- [YOUR TASK] Wherever a picture appears, skip it and retype the rest of the data exactly.

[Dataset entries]
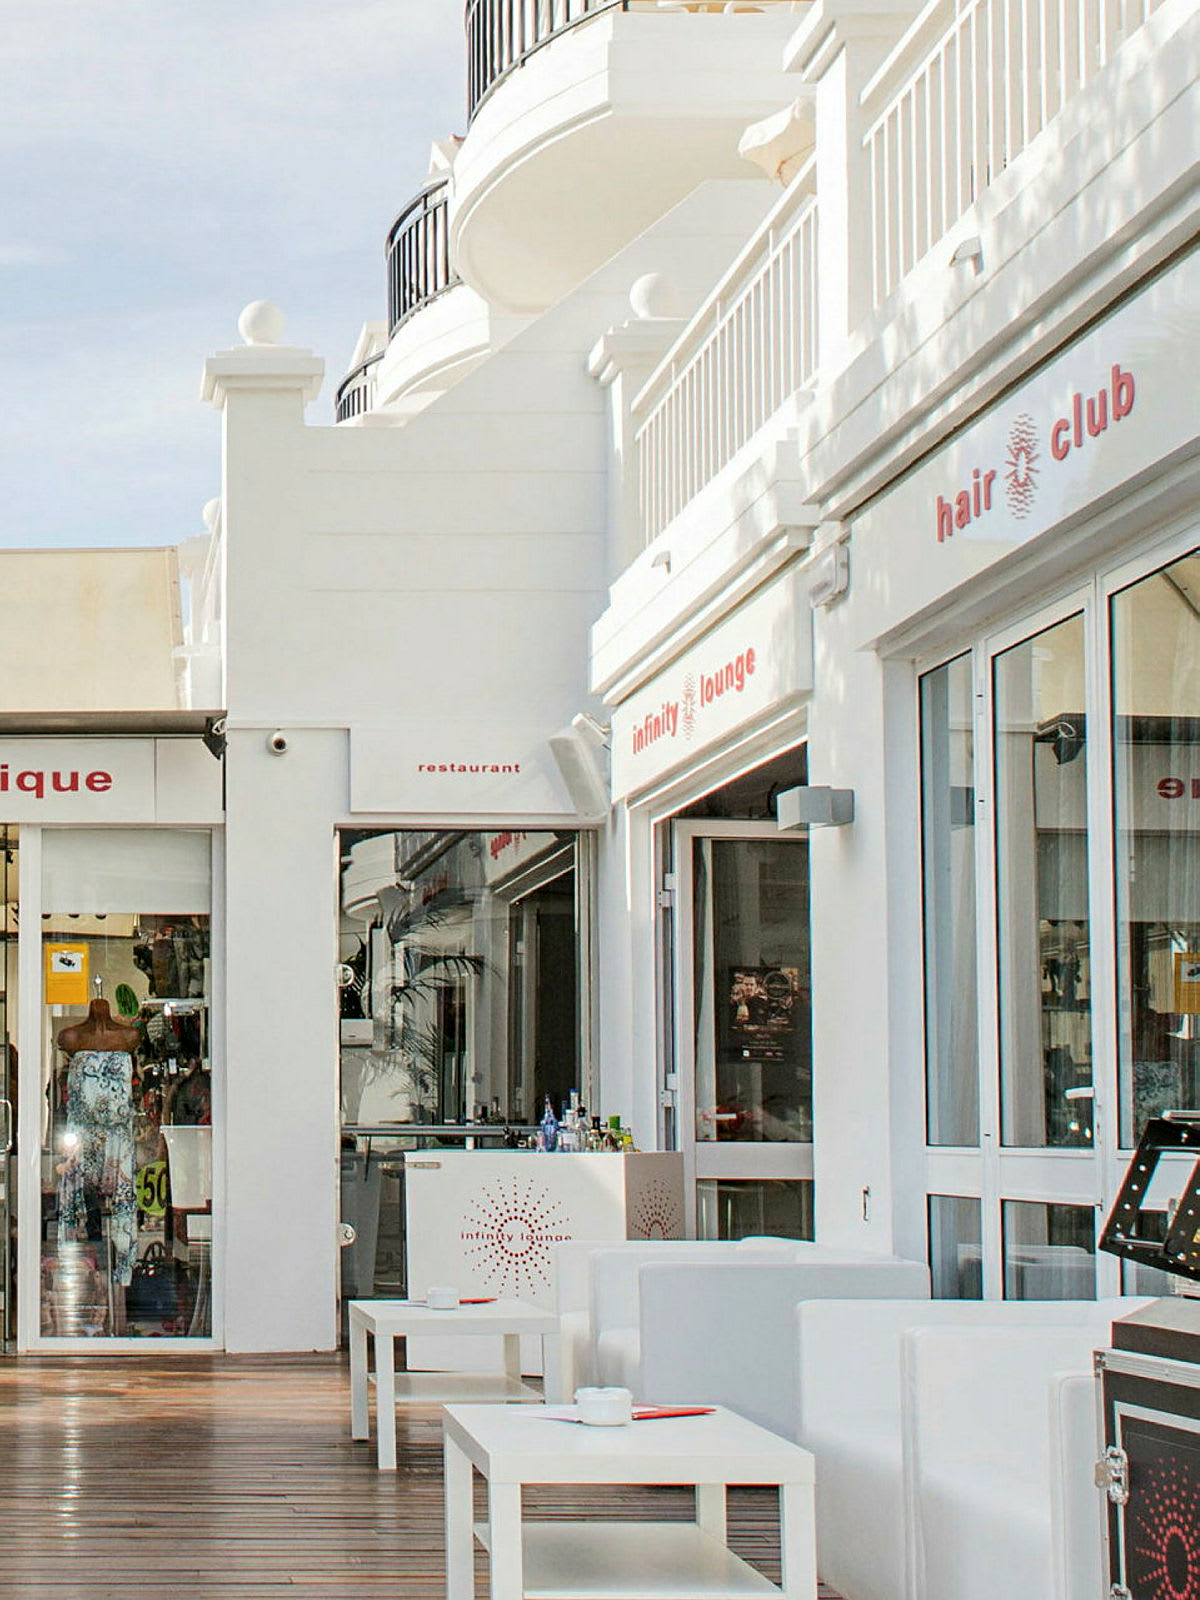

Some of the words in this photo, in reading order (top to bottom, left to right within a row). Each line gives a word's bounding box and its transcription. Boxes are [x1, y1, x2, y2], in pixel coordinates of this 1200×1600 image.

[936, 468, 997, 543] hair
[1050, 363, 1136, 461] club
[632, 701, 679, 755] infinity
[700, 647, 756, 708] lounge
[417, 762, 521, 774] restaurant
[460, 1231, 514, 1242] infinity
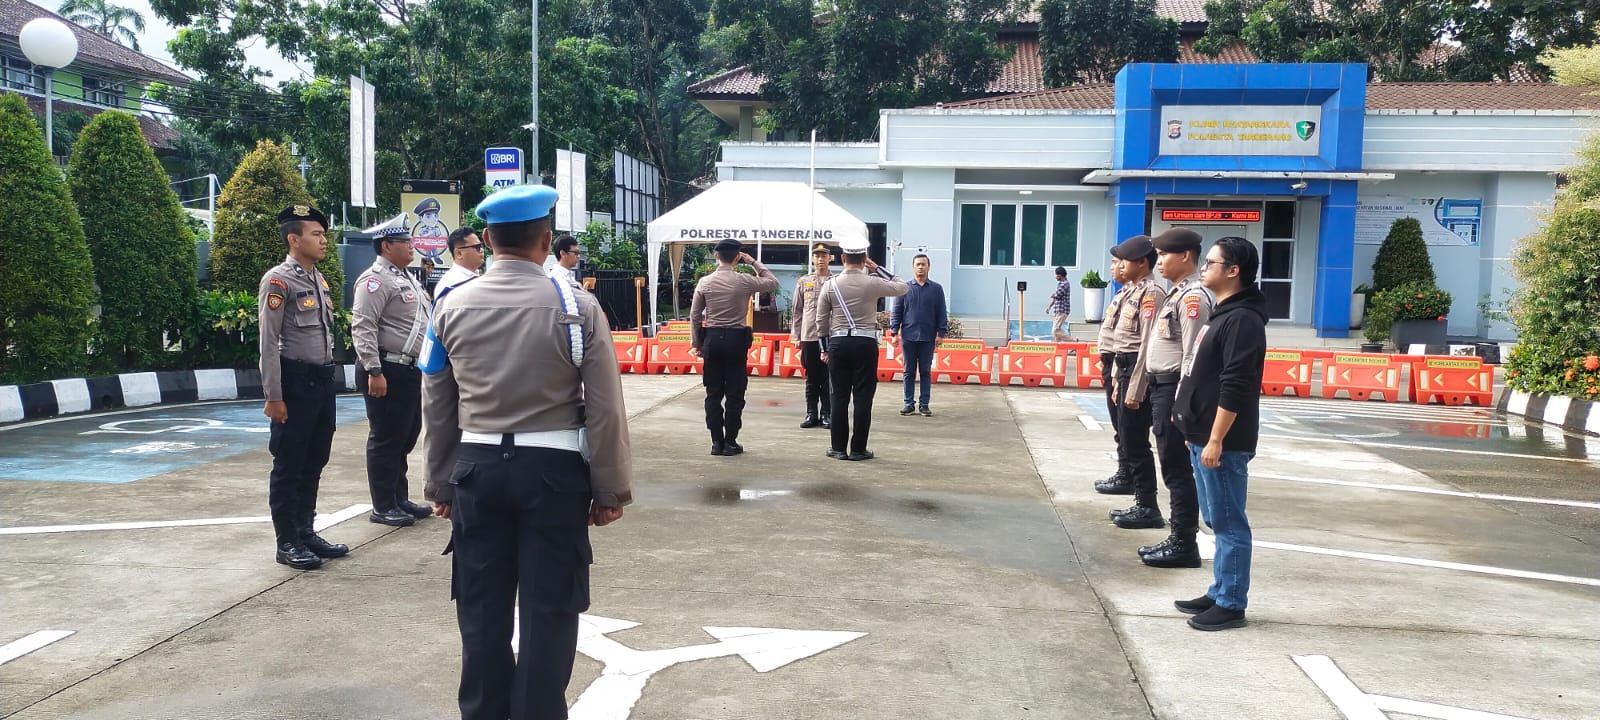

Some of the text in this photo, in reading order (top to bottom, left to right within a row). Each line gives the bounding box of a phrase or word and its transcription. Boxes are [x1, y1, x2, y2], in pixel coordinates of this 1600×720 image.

- [EXERCISE ANSWER]
Some of the words in this photo, in reading order (top to bottom, left to right within a row). Each line gives a word's bounding box and its transcription. Boxes are [x1, y1, x2, y2], in pixel coordinates of this 1200×1600 image.

[936, 468, 997, 543] hair
[1050, 363, 1136, 461] club
[632, 701, 679, 755] infinity
[700, 647, 756, 708] lounge
[417, 762, 521, 774] restaurant
[460, 1231, 514, 1242] infinity

Some of the text in this photo, in reading order (top to bottom, left to right within a row). Each line gives the bounding box of a phrase or word and its transcription. Boxes are [x1, y1, x2, y2], in pixel coordinates of this 1600×720 image.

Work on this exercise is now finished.